CPU times: user 314 ms, sys: 4.43 ms, total: 318 ms
Wall time: 93.6 ms


### Perform knn on PCA features

In [27]:
data = features_PCA.cpu().numpy()

# initialize a new index, using a HNSW index on Cosine Similarity
index = nmslib.init(method='hnsw', space='l2')
index.addDataPointBatch(data)
index.createIndex({'post': 2}, print_progress=True)

In [28]:
%%time
# get all nearest neighbours for all the datapoint
# using a pool of 4 threads to compute
neighbours_pca = index.knnQueryBatch(data, k=2, num_threads=4)

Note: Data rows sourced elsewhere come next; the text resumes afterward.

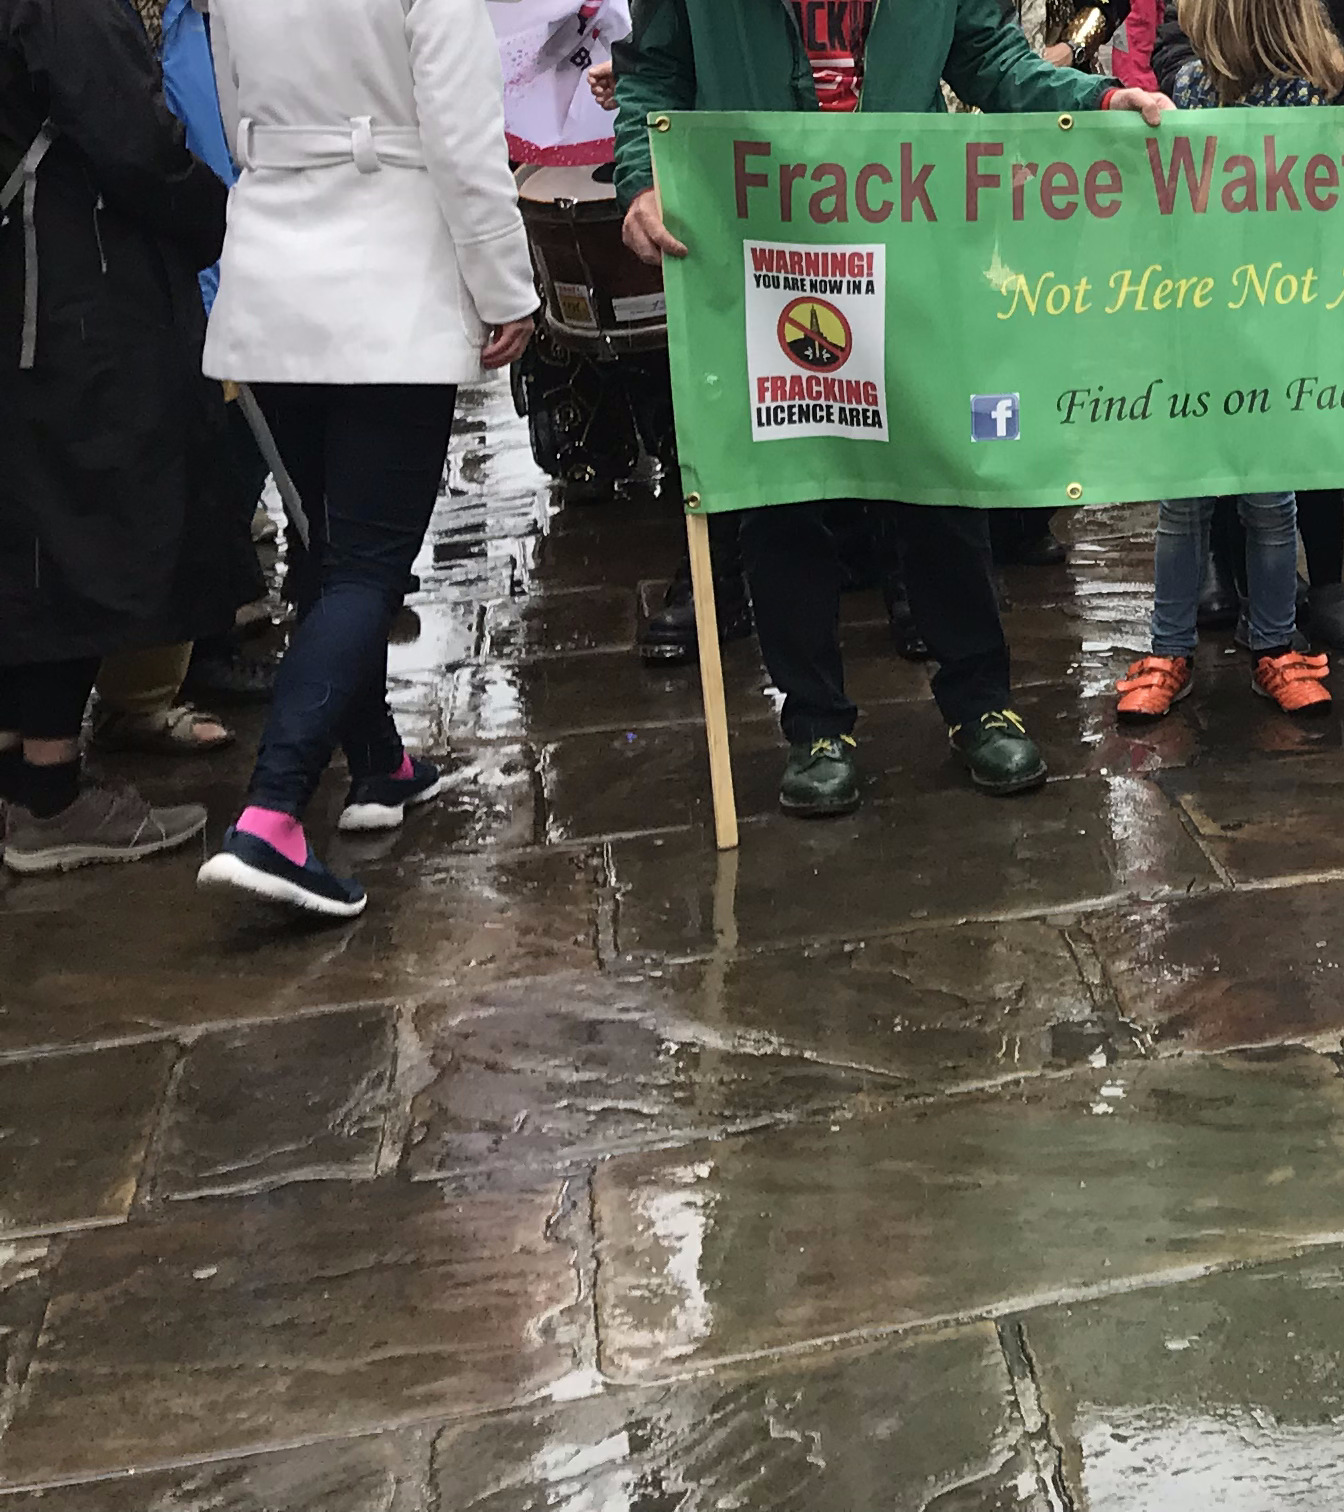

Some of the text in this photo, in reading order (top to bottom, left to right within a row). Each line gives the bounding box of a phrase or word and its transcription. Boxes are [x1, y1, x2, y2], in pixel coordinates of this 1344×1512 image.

[733, 141, 938, 225] Frack
[965, 141, 1123, 221] Free
[751, 248, 874, 278] WARNING!
[753, 274, 875, 295] YOU ARE NOW IN A
[997, 270, 1092, 320] Not
[1105, 264, 1214, 315] Here
[1228, 262, 1320, 310] Not
[757, 375, 879, 407] FRACKING
[1057, 379, 1163, 425] Find
[1168, 387, 1209, 418] us
[1222, 386, 1271, 416] on
[756, 404, 883, 429] LICENCE AREA
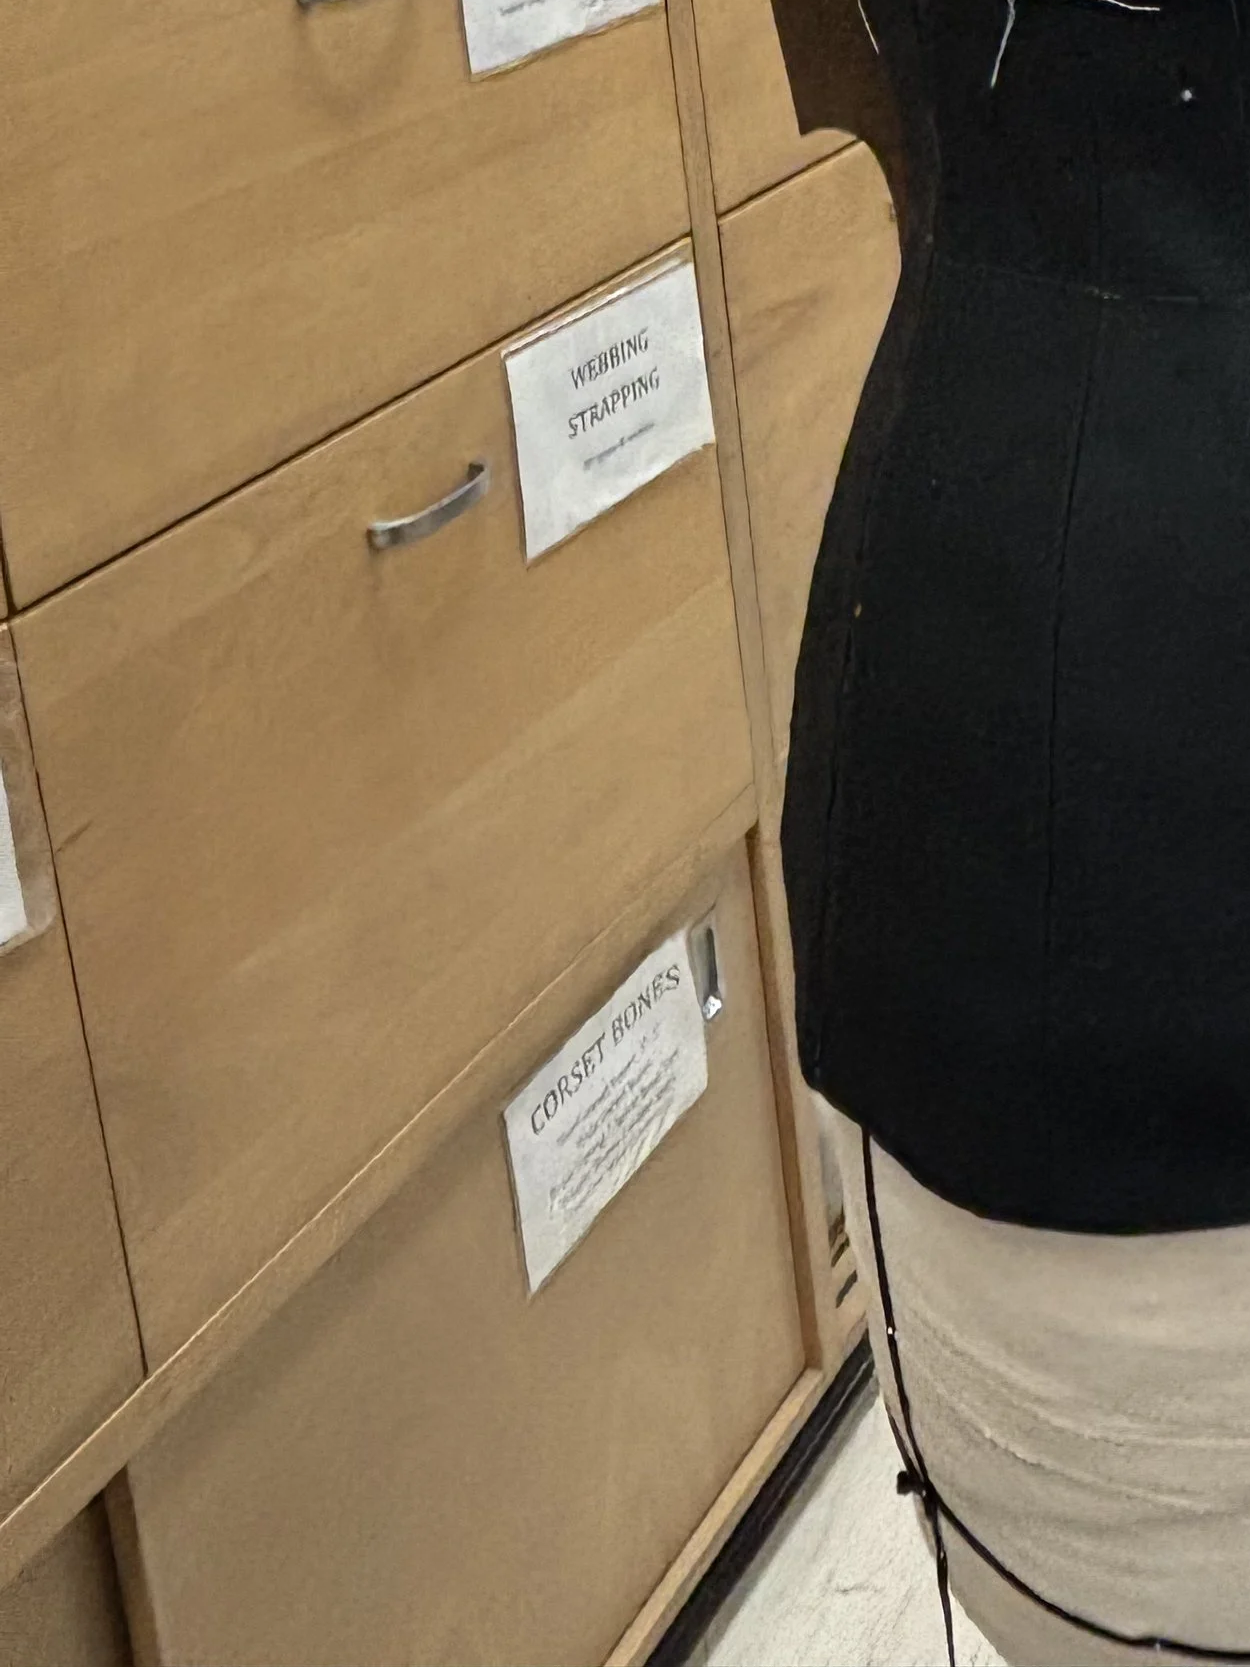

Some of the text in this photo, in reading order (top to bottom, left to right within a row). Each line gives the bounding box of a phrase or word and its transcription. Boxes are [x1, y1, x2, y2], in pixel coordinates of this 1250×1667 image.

[570, 325, 649, 390] WEBBING
[567, 366, 661, 440] STRAPPING
[530, 1031, 606, 1136] CORSET
[610, 964, 681, 1048] BONES

CPU times: user 152 ms, sys: 0 ns, total: 152 ms
Wall time: 44.3 ms


### Assess Performance using captions and BLEU score

In [33]:
for idx, val in enumerate(neighbours_pca):
    print(val[0][1])
    break

1870


In [36]:
pca_bleu_score = []
for idx, val in enumerate(neighbours_pca):
    match_index = val[0][1]
    weights = [0.25, 0.25, 0.25, 0.25]
    score = []
    for caption in captions_list[idx]:
        candidate_tokens = word_tokenize(caption.replace('.',''))
        references_tokens = [word_tokenize(i.replace('.','')) for i in captions_list[match_index]] 
        score.append(bleu_score.sentence_bleu(references_tokens, candidate_tokens, weights))
    mean_1 = np.mean(score)
    score = []
    for caption in captions_list[match_index]:
        candidate_tokens = word_tokenize(caption.replace('.',''))
        references_tokens = [word_tokenize(i.replace('.','')) for i in captions_list[idx]] 
        score.append(bleu_score.sentence_bleu(references_tokens, candidate_tokens, weights))
    mean_2 = np.mean(score)
    mean = np.mean([mean_1, mean_2])
    pca_bleu_score.append(mean)

Corpus/Sentence contains 0 counts of 2-gram overlaps.
BLEU scores might be undesirable; use SmoothingFunction().
Corpus/Sentence contains 0 counts of 4-gram overlaps.
BLEU scores might be undesirable; use SmoothingFunction().
Corpus/Sentence contains 0 counts of 3-gram overlaps.
BLEU scores might be undesirable; use SmoothingFunction().


In [37]:
np.mean(pca_bleu_score)

0.55638710827323334

In [38]:
raw_bleu_score = []
for idx, val in enumerate(neighbours_raw):
    match_index = val[0][1]
    weights = [0.25, 0.25, 0.25, 0.25]
    score = []
    for caption in captions_list[idx]:
        candidate_tokens = word_tokenize(caption.replace('.',''))
        references_tokens = [word_tokenize(i.replace('.','')) for i in captions_list[match_index]] 
        score.append(bleu_score.sentence_bleu(references_tokens, candidate_tokens, weights))
    mean_1 = np.mean(score)
    score = []
    for caption in captions_list[match_index]:
        candidate_tokens = word_tokenize(caption.replace('.',''))
        references_tokens = [word_tokenize(i.replace('.','')) for i in captions_list[idx]] 
        score.append(bleu_score.sentence_bleu(references_tokens, candidate_tokens, weights))
    mean_2 = np.mean(score)
    mean = np.mean([mean_1, mean_2])
    raw_bleu_score.append(mean)

Corpus/Sentence contains 0 counts of 3-gram overlaps.
BLEU scores might be undesirable; use SmoothingFunction().
Corpus/Sentence contains 0 counts of 4-gram overlaps.
BLEU scores might be undesirable; use SmoothingFunction().
Corpus/Sentence contains 0 counts of 2-gram overlaps.
BLEU scores might be undesirable; use SmoothingFunction().


In [39]:
np.mean(raw_bleu_score)

0.55565998115402049

Again raw is a little less accurate than with PCA. However, the overall score is a lot less than bruteforce.